Master genes and co-expression network analysis in peripheral blood mononuclear cells of patients with gram-positive and gram-negative sepsis

Abstract

To investigate the functional pathways enriched and differentially expressed genes (DEGs) in peripheral blood mononuclear cells (PBMCs) of patients with gram-positive and gram-negative sepsis. Dataset GSE9960 obtained from NCBI GEO database containing PBMC samples from 16 non-infectious systematic inflammatory response syndrome (SIRS) patients, 17 gram-positive septic patients and 18 gram-negative septic patients were included in the study. Functional pathway annotations were conducted by gene set enrichment analysis and weighted gene co-expression network analysis.
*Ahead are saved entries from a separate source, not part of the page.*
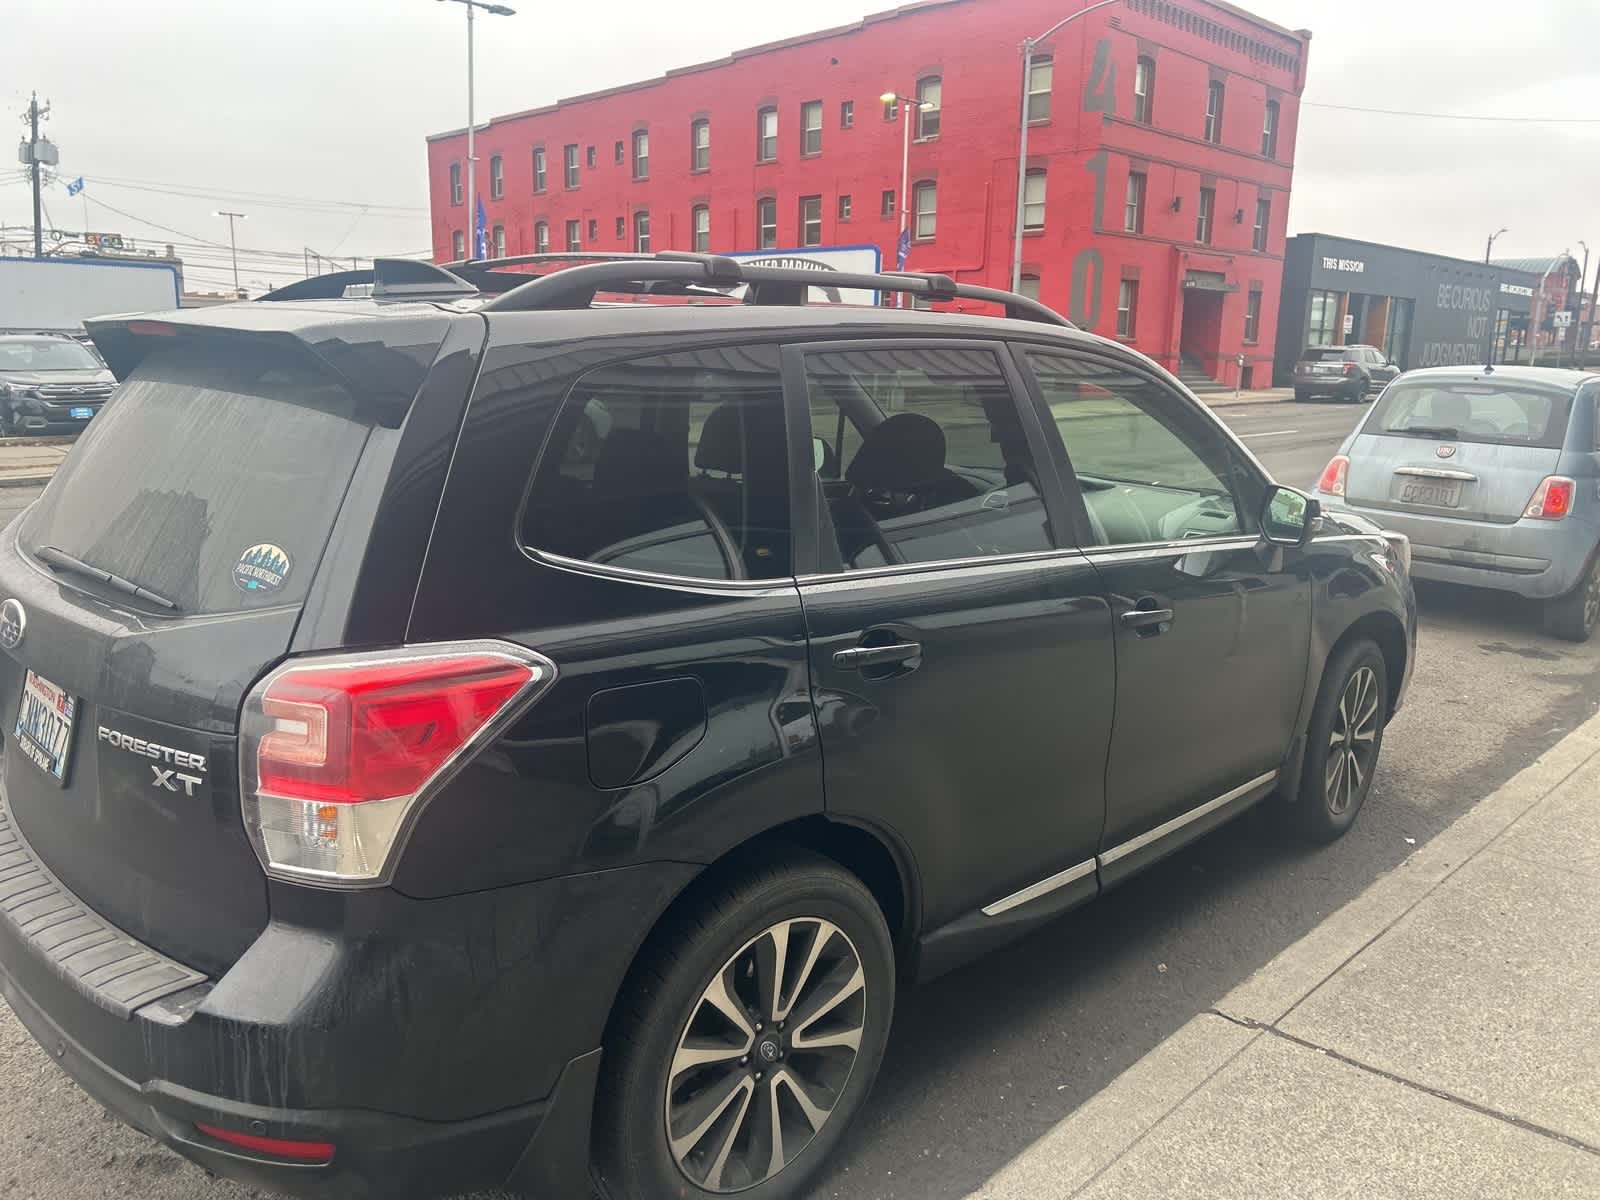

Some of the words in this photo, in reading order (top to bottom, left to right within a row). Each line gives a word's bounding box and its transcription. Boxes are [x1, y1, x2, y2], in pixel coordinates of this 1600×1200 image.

[1322, 256, 1338, 270] THIS
[1338, 259, 1365, 273] MISSION
[1437, 283, 1452, 309] BE
[1451, 286, 1491, 312] CURIOUS
[1466, 315, 1489, 339] NOT
[98, 725, 207, 772] FORESTER
[151, 764, 202, 796] XT
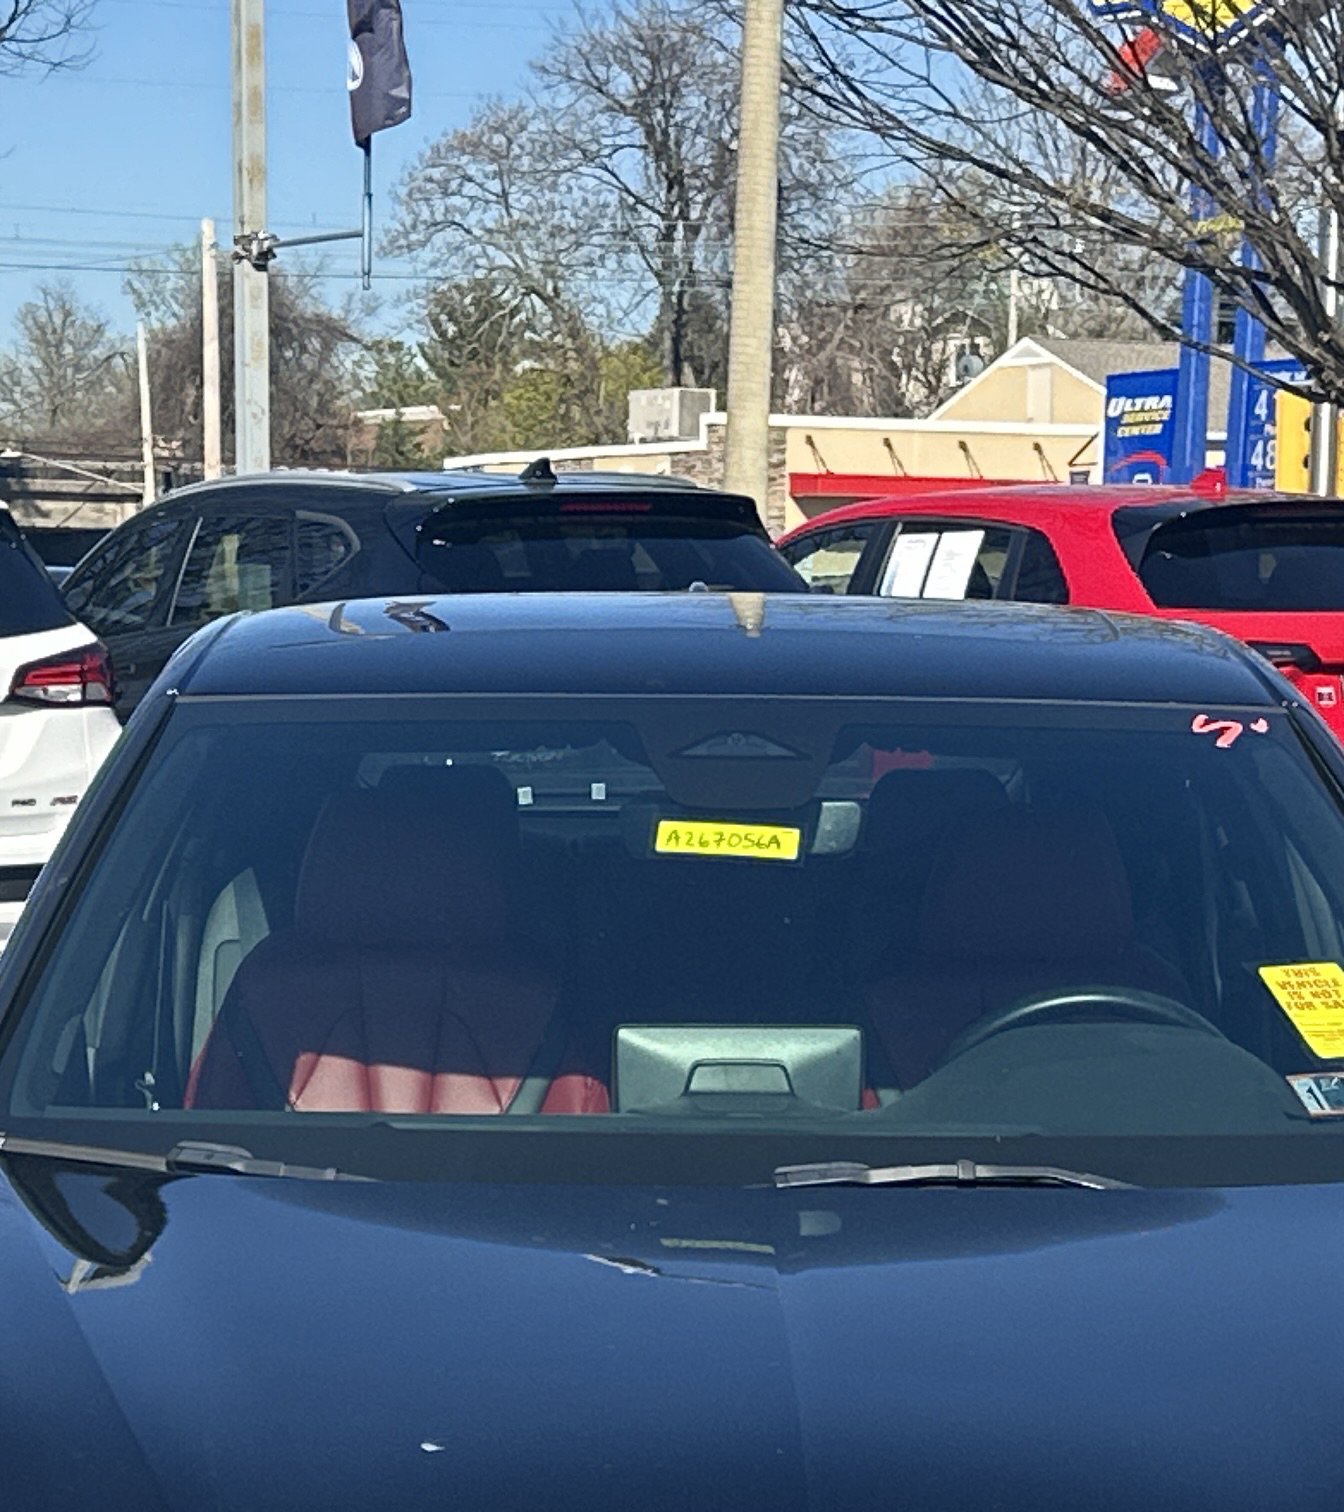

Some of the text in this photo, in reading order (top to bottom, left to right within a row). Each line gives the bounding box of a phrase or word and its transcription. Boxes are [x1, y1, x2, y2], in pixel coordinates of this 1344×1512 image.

DEGs were filtered and master DEGs were then validated in PBMCs of gram-positive septic, gram-negative septic and non-infectious SIRS patients. The enriched gene sets in gram-positive sepsis and gram-negative sepsis were significantly different. The results indicated the opposite co-expression networks in SIRS and gram-negative sepsis, and the entirely different co-expression networks in gram-positive and gram-negative sepsis. Furthermore, we validated that TYMS was up-regulated in gram-positive sepsis (P<0.05), CD3D was down-regulated in gram-negative sepsis (P<0.01), while IRAK3 was up-regulated in gram-negative sepsis (P<0.05). The results indicate that there are differences in the mechanism and pathogenesis of gram-positive and gram-negative sepsis, which may provide potential markers for sepsis diagnosis and empirical antimicrobial therapy.